Constructing Microstructural Evolution System for Cement Hydration From Observed Data Using Deep Learning

Abstract: Cement has been widely used in civil engineering directly and plays a critical role in cement-based materials, e.g., concrete. As the microstructural evolution of cement hydration predominates the final physical properties, an accurate simulation of hydration is highly required to enable scientists to evaluate the performance and help design new cementitious materials. However, despite significant effort and progress, a satisfactory model to realistically and accurately simulate the evolution of three-dimensional (3-D) microstructure has not yet to be constructed, mainly because cement hydration is one of the most complex phenomena in material science. In this work, a novel near-realistic microstructural model is proposed to simulate the cement hydration system using deep learning and cellular automata. It is designed to break through the bottleneck of fidelity to real microstructural evolution.
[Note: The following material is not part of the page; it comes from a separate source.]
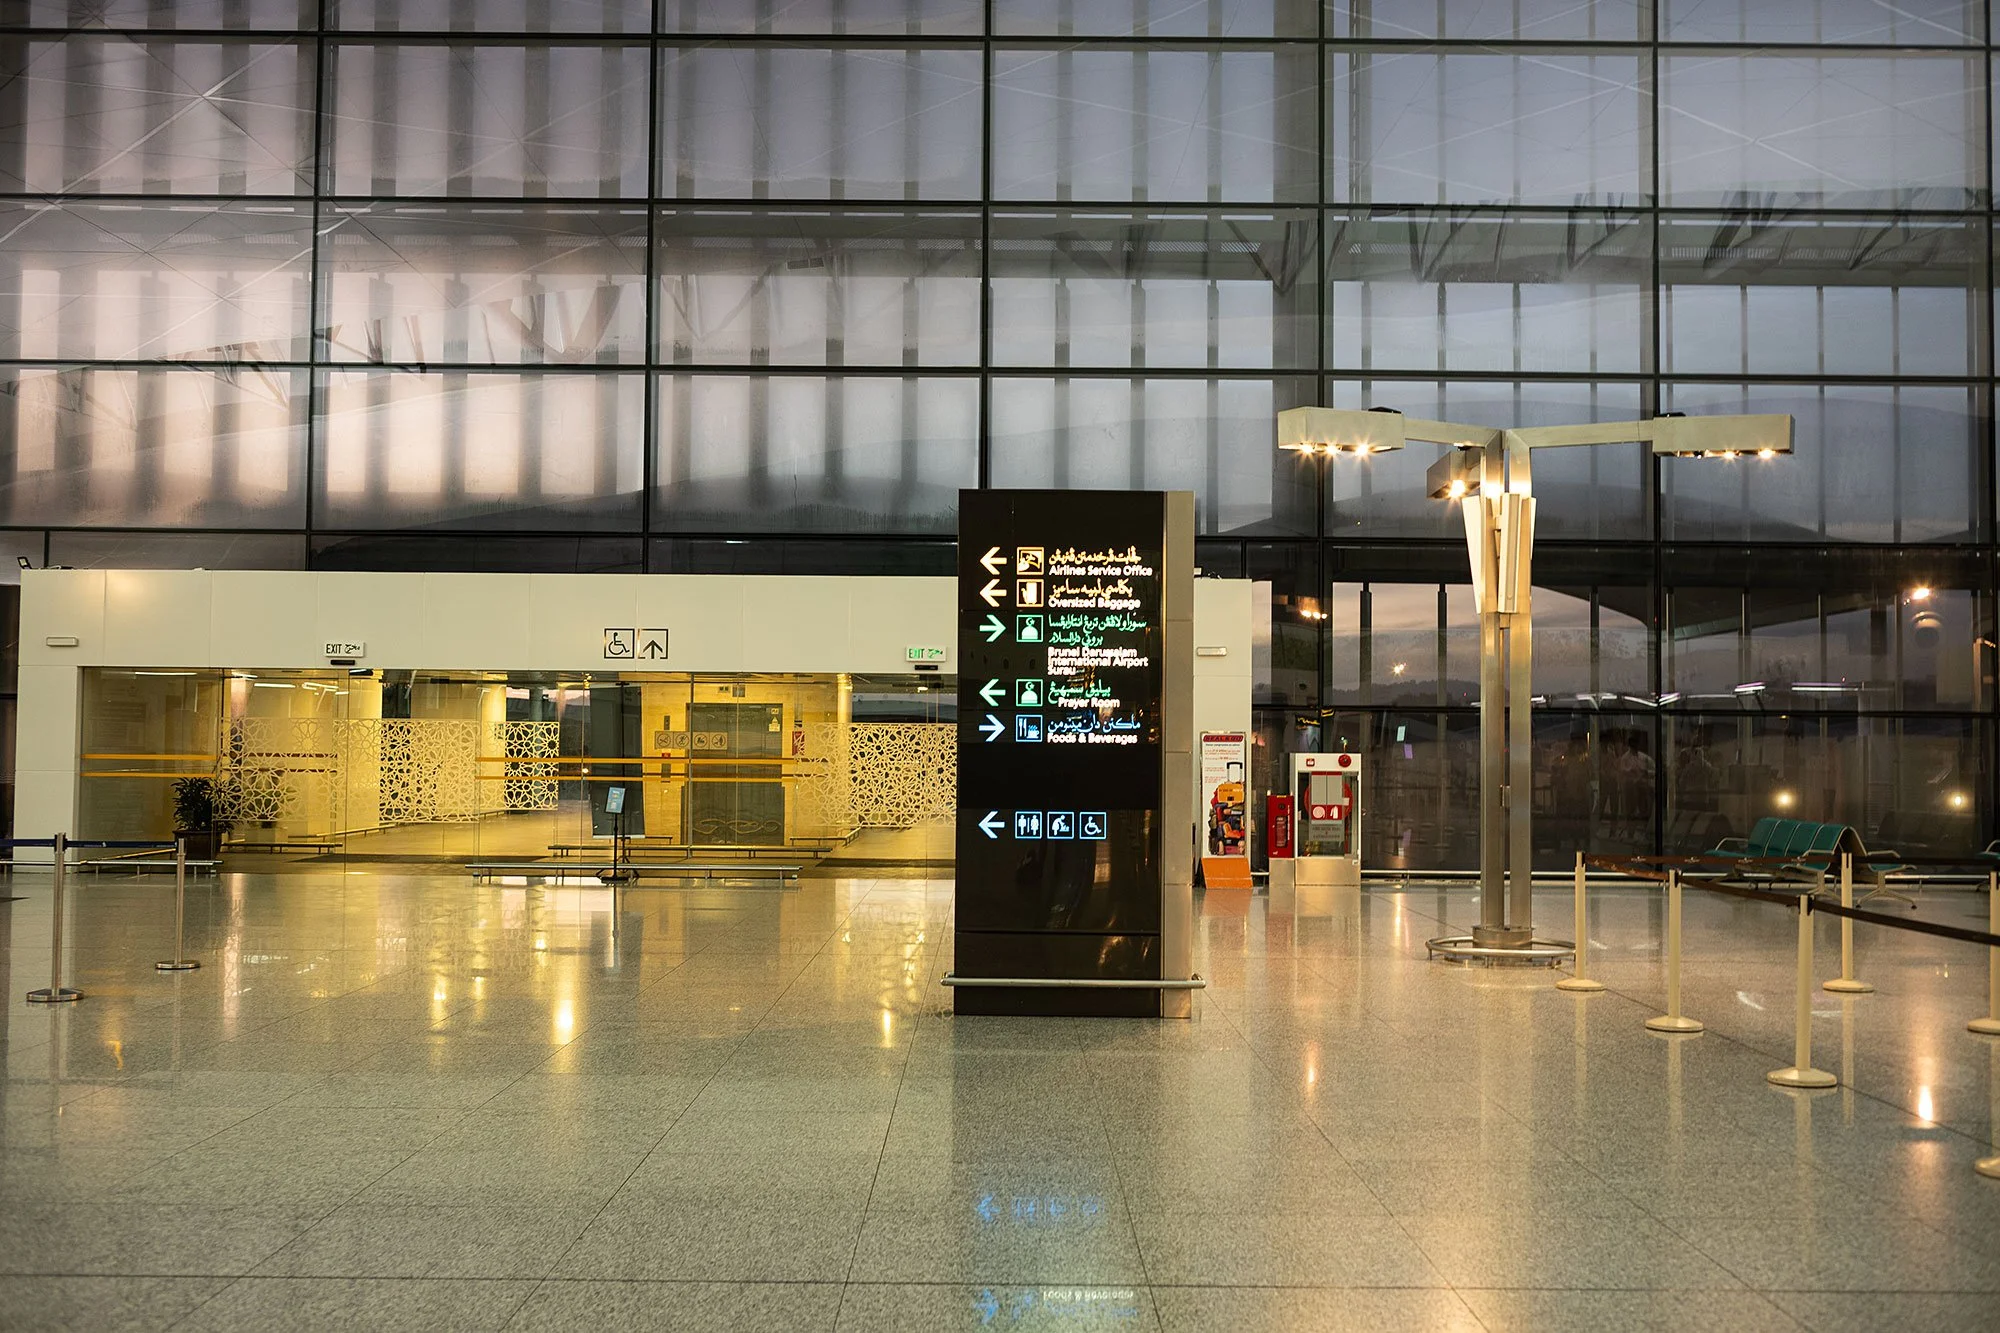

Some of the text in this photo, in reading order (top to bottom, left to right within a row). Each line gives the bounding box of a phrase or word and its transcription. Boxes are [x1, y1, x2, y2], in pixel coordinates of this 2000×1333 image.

The dynamical system is constructed based on a 3-D cellular automaton, in which behavior is controlled by deep neural networks distilled from microstructural images. In addition, a dynamic stratified sampling method with variable capacity is proposed to ensure the representativeness of samples for reducing the computation cost of training. Experiments manifest that the simulated hydration is in accordance with the actual development in different aspects, such as near-realistic microstructure and approximate process. Furthermore, the constructed system also demonstrates promising generalization capability even under various conditions.